Vox hatte zunächst angestrebt, mit Ministern ins Kabinett einzutreten. Die PP legte dagegen Wert auf eine Minderheitsregierung unter Führung ihrer 41-Jährigen Spitzenkandidatin Marga Prohens. Deren Lebensgefährte Javier Bonet avancierte im Juni bereits zum Vizebürgermeister von Palma de Mallorca. Ob das Vetternwirtschaft ist oder möglicherweise ein Vorteil im Sinn einer „Politik aus einer Hand“, muss sich noch zeigen. Der frühere balearische Tourismusminister Jaime Martínez Llabrés (ebenfalls von der konservativen Volkspartei PP) ist im Gemeinderat jedenfalls zum Bürgermeister gewählt worden.
Zwar hat seine PP-Fraktion nur elf von 29 Mandaten in Palma und befindet sich damit klar in der Minderheit, doch sieht die spanische Gemeindeordnung vor, dass immer der Kandidat oder die Kandidatin der relativ stärksten Einzelliste an die Rathausspitze gelangt, wenn sich keine alternativen Mehrheiten gefunden haben. Letzteres war in der Inselhauptstadt nicht der Fall. Der bisherige sozialdemokratische Bürgermeister José Hila (PSOE) übergab den Stab an Jaime Martínez Llabrés, der das seit 2015 amtierende Linksbündnis ablösen konnte.
Unklare Mehrheit
Bürgermeister Martínez, von Beruf Architekt, verspricht mehr Sauberkeit, Sicherheit und Ordnung. Außerdem will er den Wohnungsbau ankurbeln, Verkehrsprobleme lösen und Immobiliensteuern senken. Statt einer Straßenbahn zwischen Innenstadt und Airport möchte er wegen eklatanter Planungsmängel lieber auf Oberleitungsbusse setzen. Ob die aus Madrid bereits zugesagten Mittel von 180 Millionen Euro deswegen verloren gehen, ist noch unklar. Das hängt auch vom Ausgang der spanischen Parlamentswahl am 23. Juli ab. Martínez zeigte sich in seiner Antrittsrede versöhnlich gegenüber der Linken und hat angedeutet, den Haushalt für 2024 kurzerhand um ein Jahr verlängern zu wollen, falls er im Gemeinderat nicht genügend Unterstützung findet.
Auf Balearen-Ebene kritisierte die scheidende Ministerpräsidentin Francina Armengol (PSOE), „intransparente Verhandlungen“ zwischen PP und Vox.
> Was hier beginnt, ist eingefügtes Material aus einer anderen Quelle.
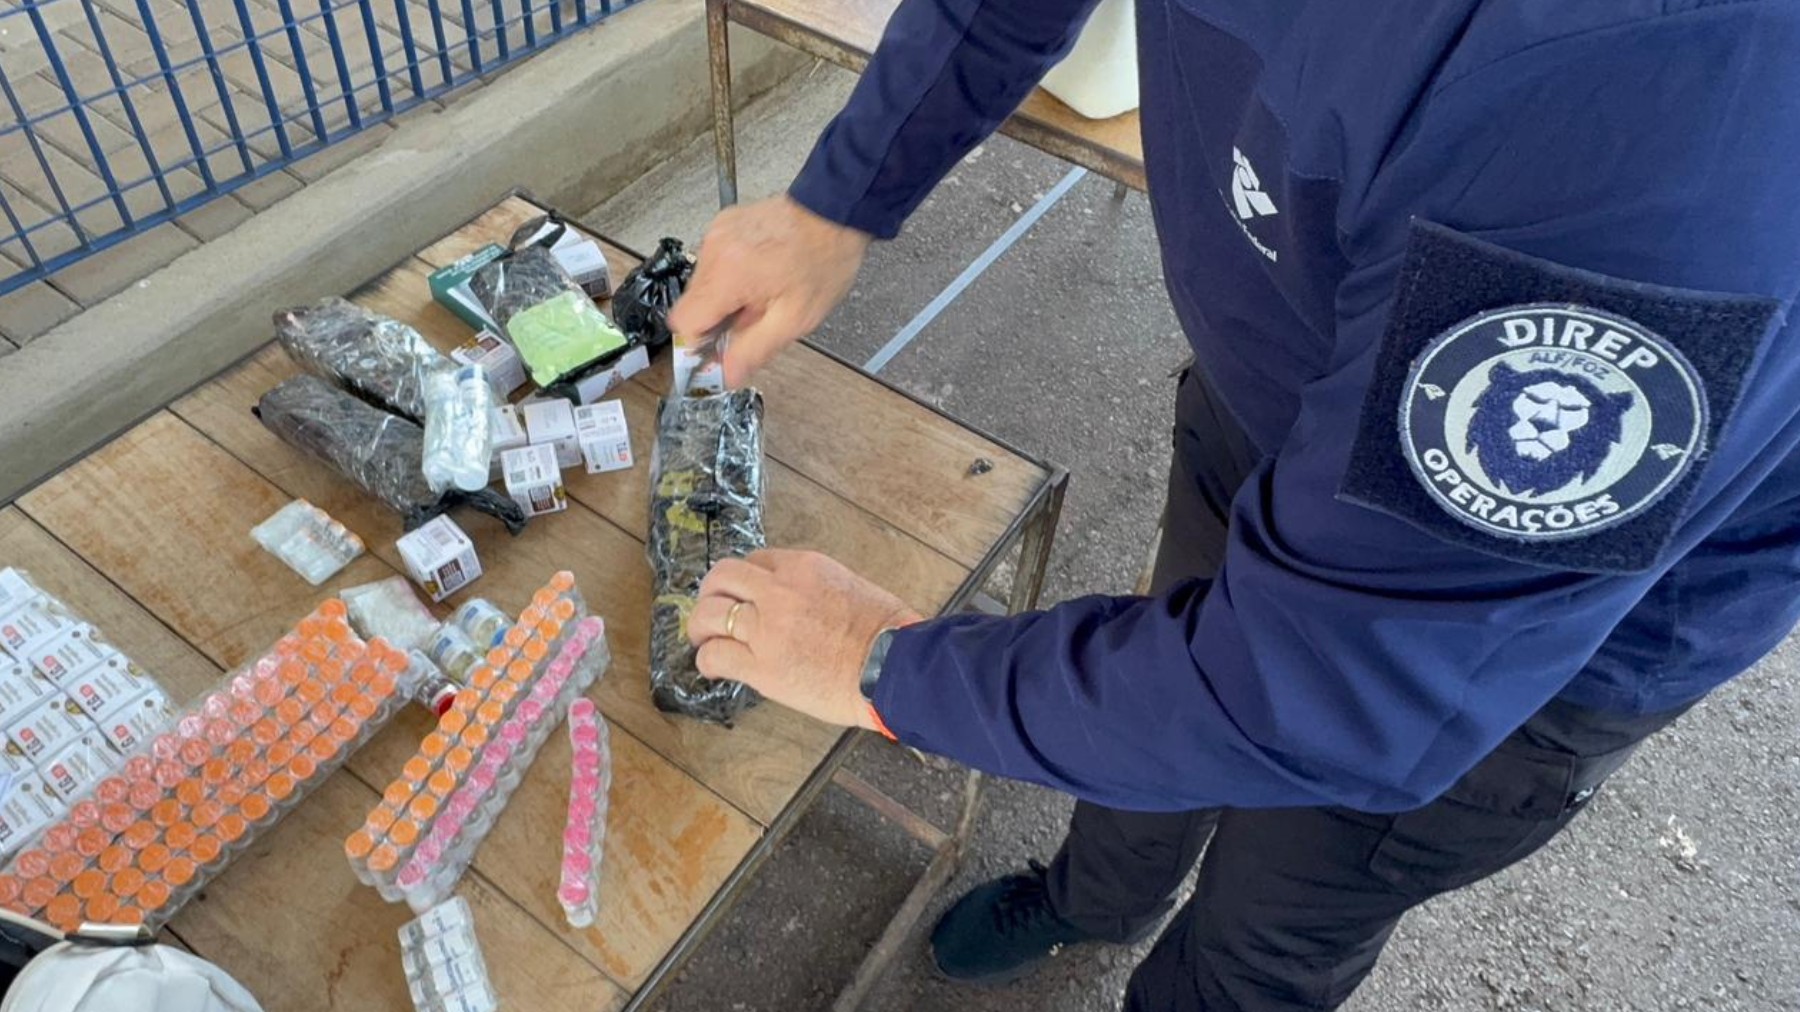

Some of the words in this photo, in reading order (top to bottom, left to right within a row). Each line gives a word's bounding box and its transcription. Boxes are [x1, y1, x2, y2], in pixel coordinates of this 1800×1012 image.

Sie bemängelte, dass womöglich in Madrid über das Schicksal von Mallorca und den Nachbarinseln entschieden werde. Hintergrund ist, dass sich PP und Vox nach den Regionalwahlen vom 28. Mai auch in anderen Regionen wie Aragón oder Murcia noch im Zwiespalt über Koalition oder Tolerierungsmodell befinden. In Extremadura mussten die Verhandlungen sogar unterbrochen werden, da Vox mutmaßlich zur Verharmlosung von häuslicher Gewalt neigt und in der politischen Mitte als frauenfeindlich gilt.
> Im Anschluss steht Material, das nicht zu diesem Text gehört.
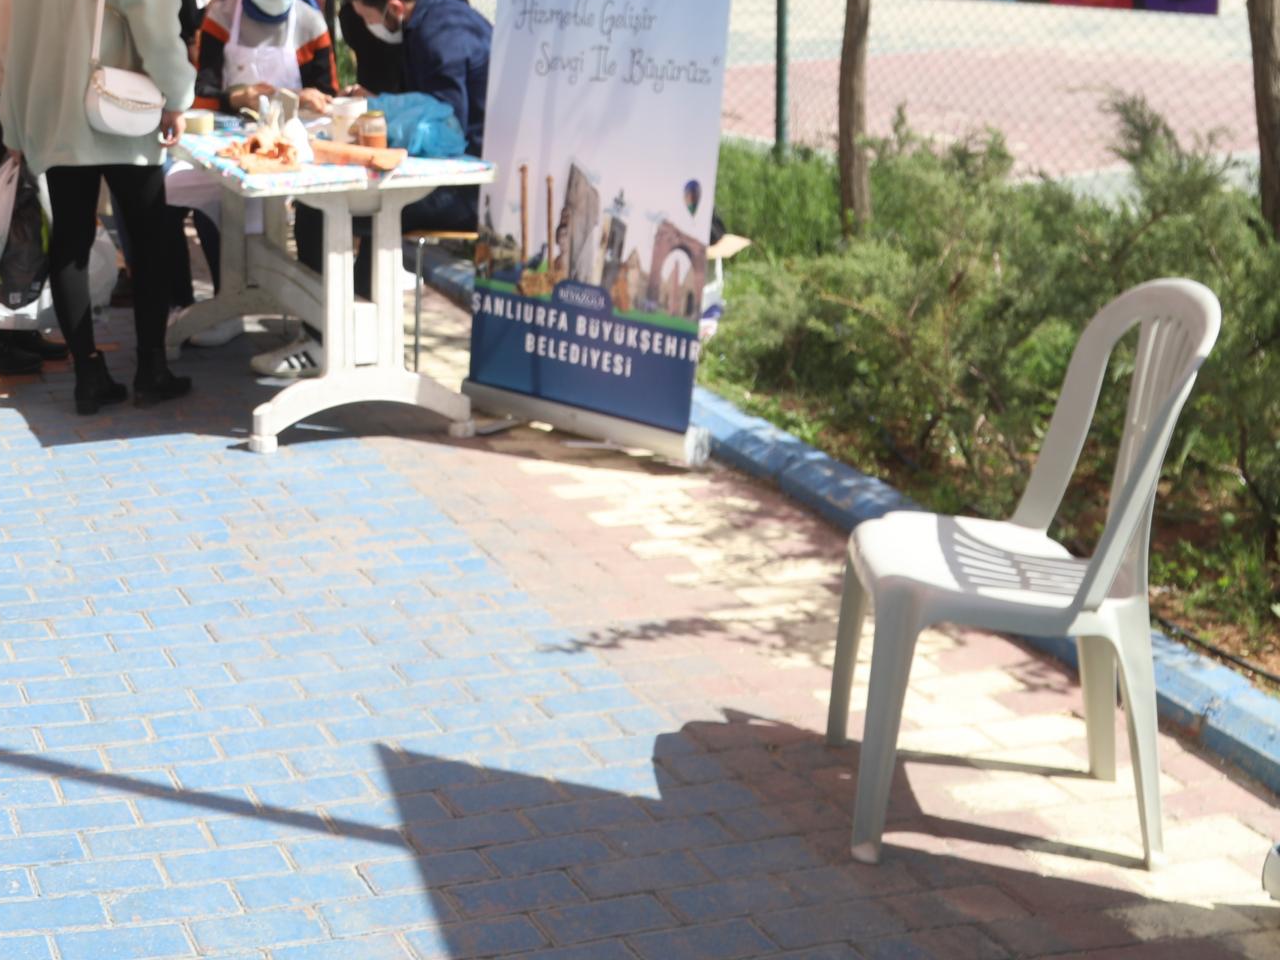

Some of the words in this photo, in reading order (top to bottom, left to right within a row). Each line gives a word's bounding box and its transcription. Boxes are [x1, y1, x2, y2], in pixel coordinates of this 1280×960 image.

Nun drohen mancherorts Neuwahlen – auf den Balearen allerdings nicht. Der Showdown wird rund um die spanienweite Parlamentswahl am 23. Juli erwartet. In einigen Fällen könnte die Entscheidung erst nach dem Termin fallen, da für die Regierungsbildung teilweise eine Zweimonats-Frist nach Zusammentritt der regionalen Parlamente gilt. „Nichts ist beschlossen, bevor nicht alles verhandelt ist“, lautet vielleicht der CDU-Schwesterpartei PP, die sich vom extremen Rand absetzen möchte.